(Given data)

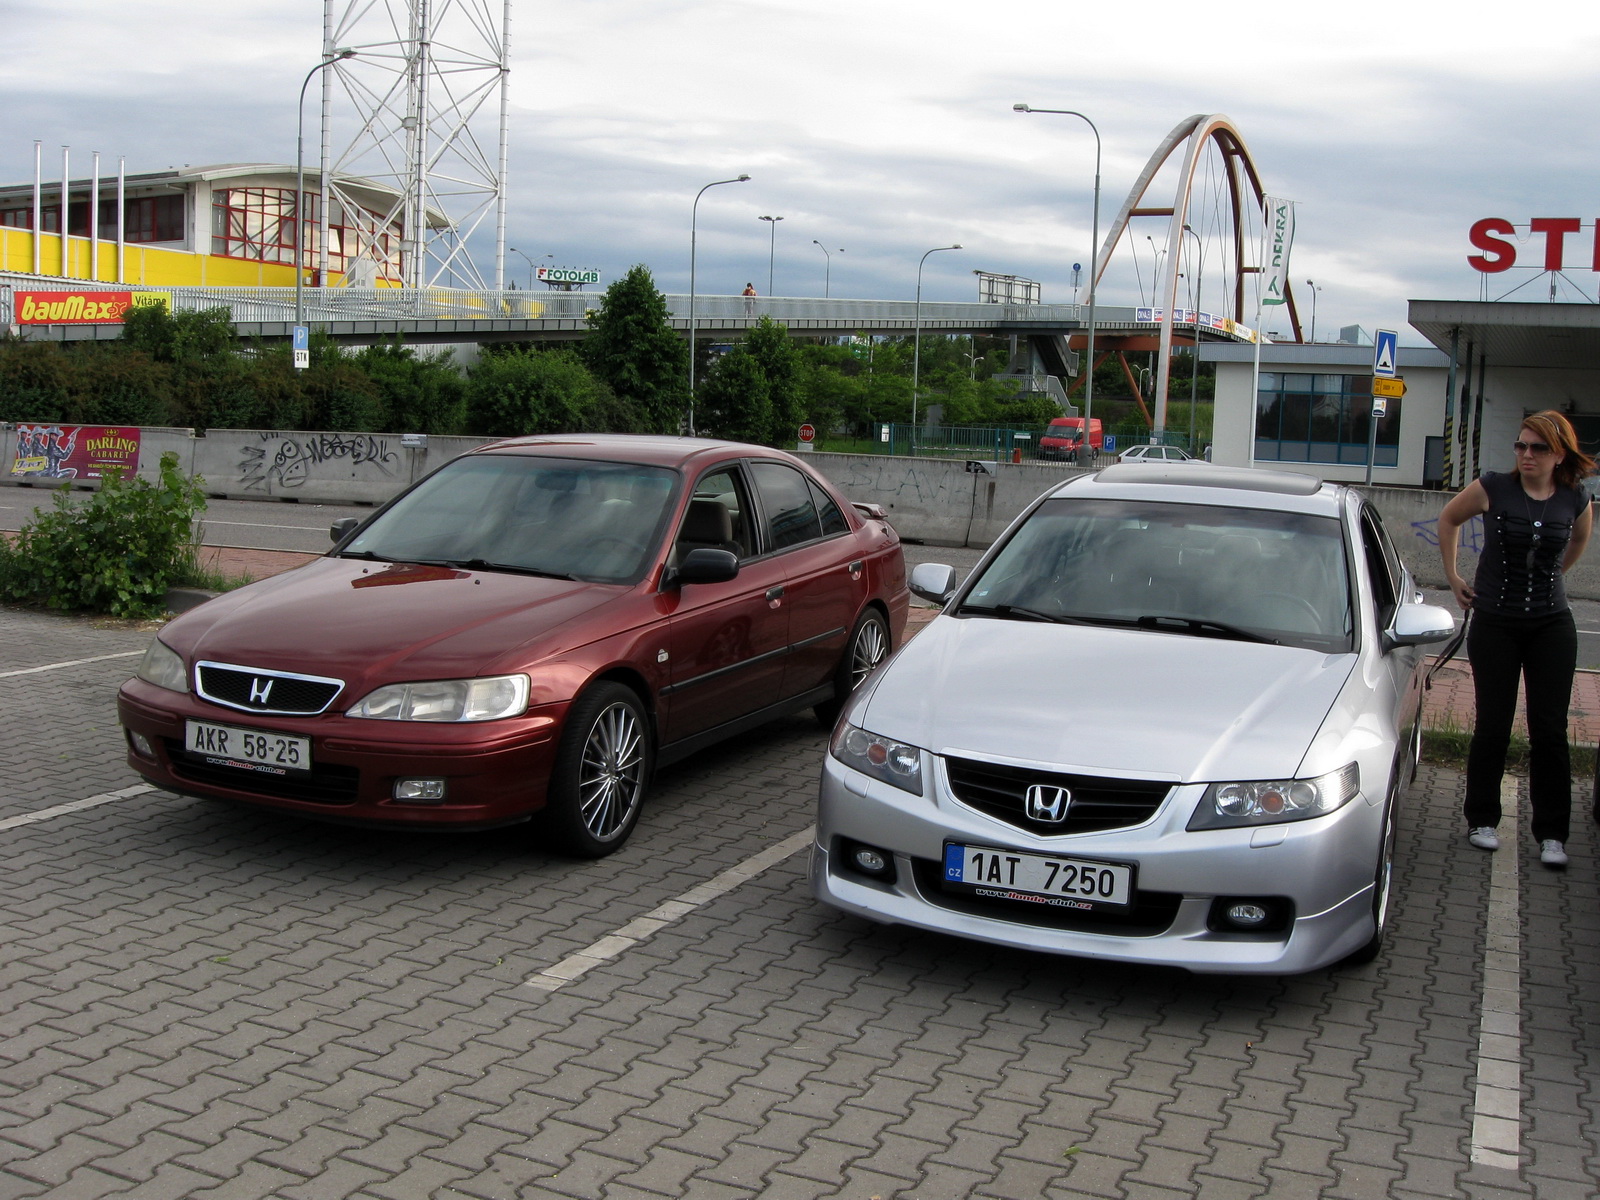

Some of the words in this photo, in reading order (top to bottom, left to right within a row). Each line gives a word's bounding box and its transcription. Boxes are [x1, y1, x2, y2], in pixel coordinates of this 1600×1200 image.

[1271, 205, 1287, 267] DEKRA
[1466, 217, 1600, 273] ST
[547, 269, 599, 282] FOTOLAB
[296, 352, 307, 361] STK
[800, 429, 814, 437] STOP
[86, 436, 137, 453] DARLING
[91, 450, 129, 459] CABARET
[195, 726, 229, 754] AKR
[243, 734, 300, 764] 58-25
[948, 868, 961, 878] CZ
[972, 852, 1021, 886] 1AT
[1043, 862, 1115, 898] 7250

(End Given data)

Directions:
Repeat all of the entries above exactly. Keep pictures out of it.

Answer below:
Some of the words in this photo, in reading order (top to bottom, left to right within a row). Each line gives a word's bounding box and its transcription. Boxes are [x1, y1, x2, y2], in pixel coordinates of this 1600×1200 image.

[1271, 205, 1287, 267] DEKRA
[1466, 217, 1600, 273] ST
[547, 269, 599, 282] FOTOLAB
[296, 352, 307, 361] STK
[800, 429, 814, 437] STOP
[86, 436, 137, 453] DARLING
[91, 450, 129, 459] CABARET
[195, 726, 229, 754] AKR
[243, 734, 300, 764] 58-25
[948, 868, 961, 878] CZ
[972, 852, 1021, 886] 1AT
[1043, 862, 1115, 898] 7250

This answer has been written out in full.